Required work:
Transcribe every entry below word for word, but skip the pictures.

Available data:
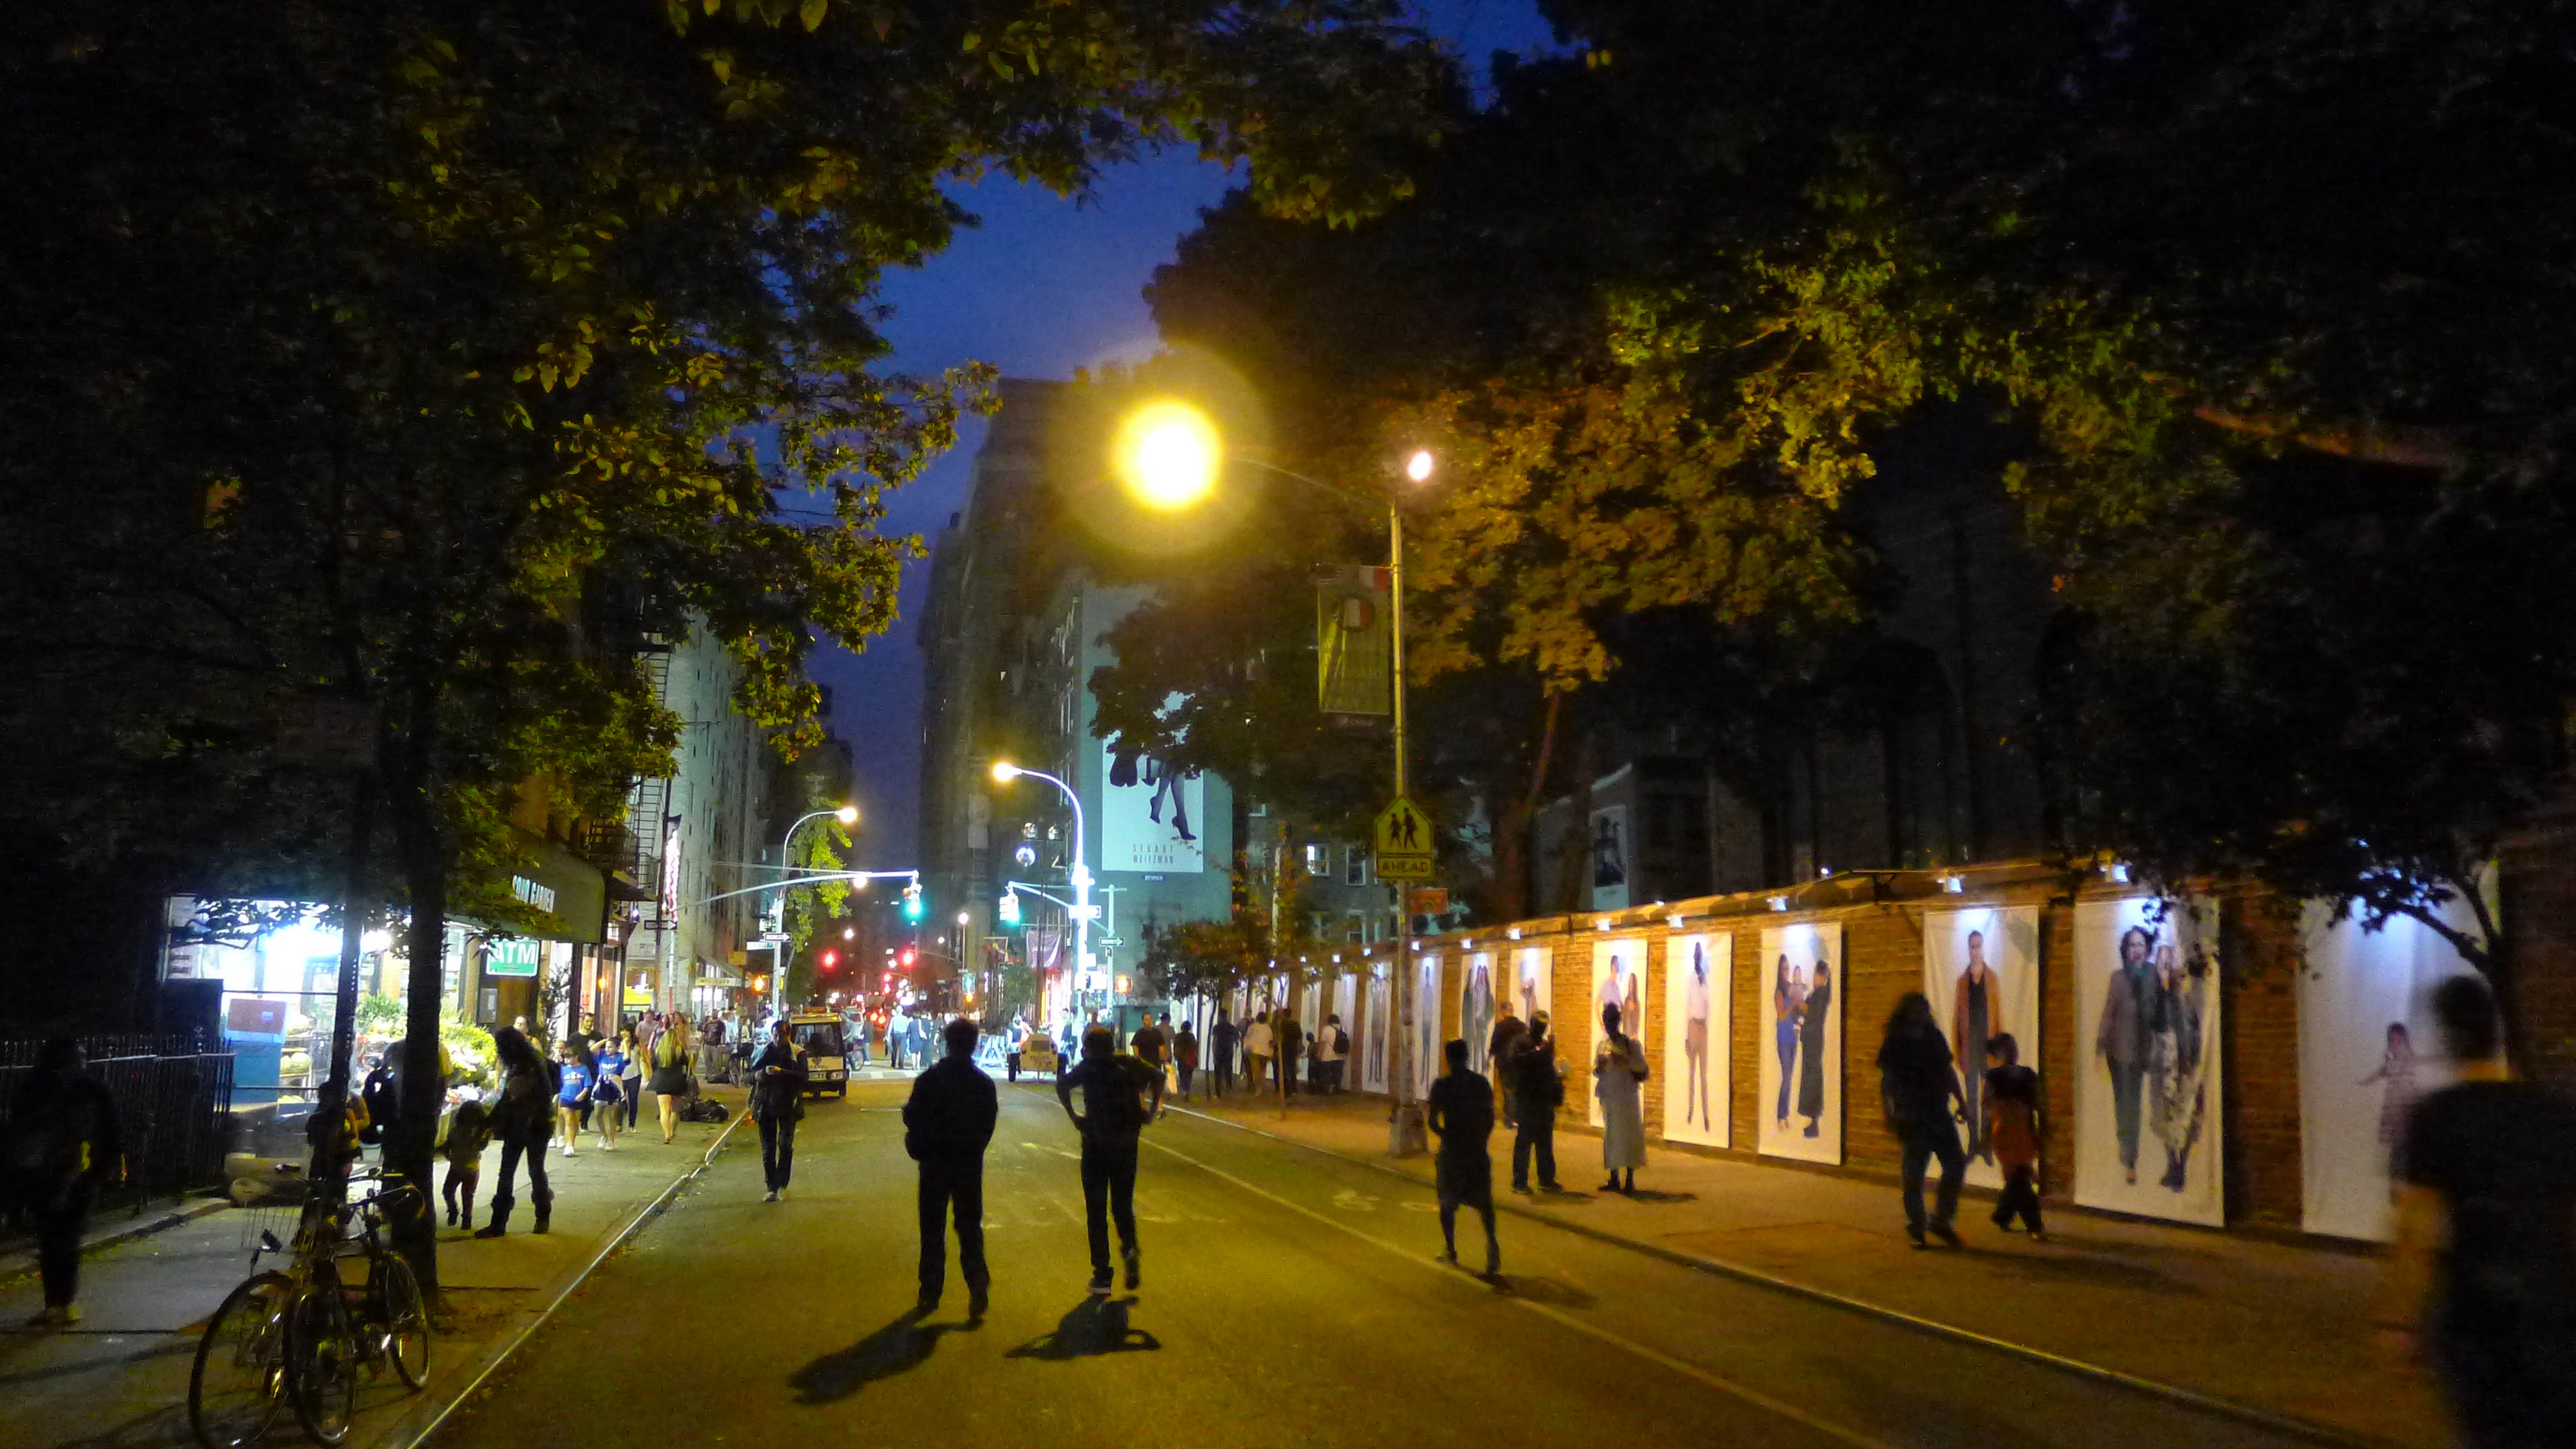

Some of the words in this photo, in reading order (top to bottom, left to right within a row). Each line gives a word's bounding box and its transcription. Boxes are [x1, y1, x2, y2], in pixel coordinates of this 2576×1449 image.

[1133, 844, 1173, 853] STUART
[1133, 855, 1174, 863] WEITZMAN
[1381, 861, 1429, 873] AHEAD
[491, 941, 536, 964] ATM

Problem solution:
Some of the words in this photo, in reading order (top to bottom, left to right within a row). Each line gives a word's bounding box and its transcription. Boxes are [x1, y1, x2, y2], in pixel coordinates of this 2576×1449 image.

[1133, 844, 1173, 853] STUART
[1133, 855, 1174, 863] WEITZMAN
[1381, 861, 1429, 873] AHEAD
[491, 941, 536, 964] ATM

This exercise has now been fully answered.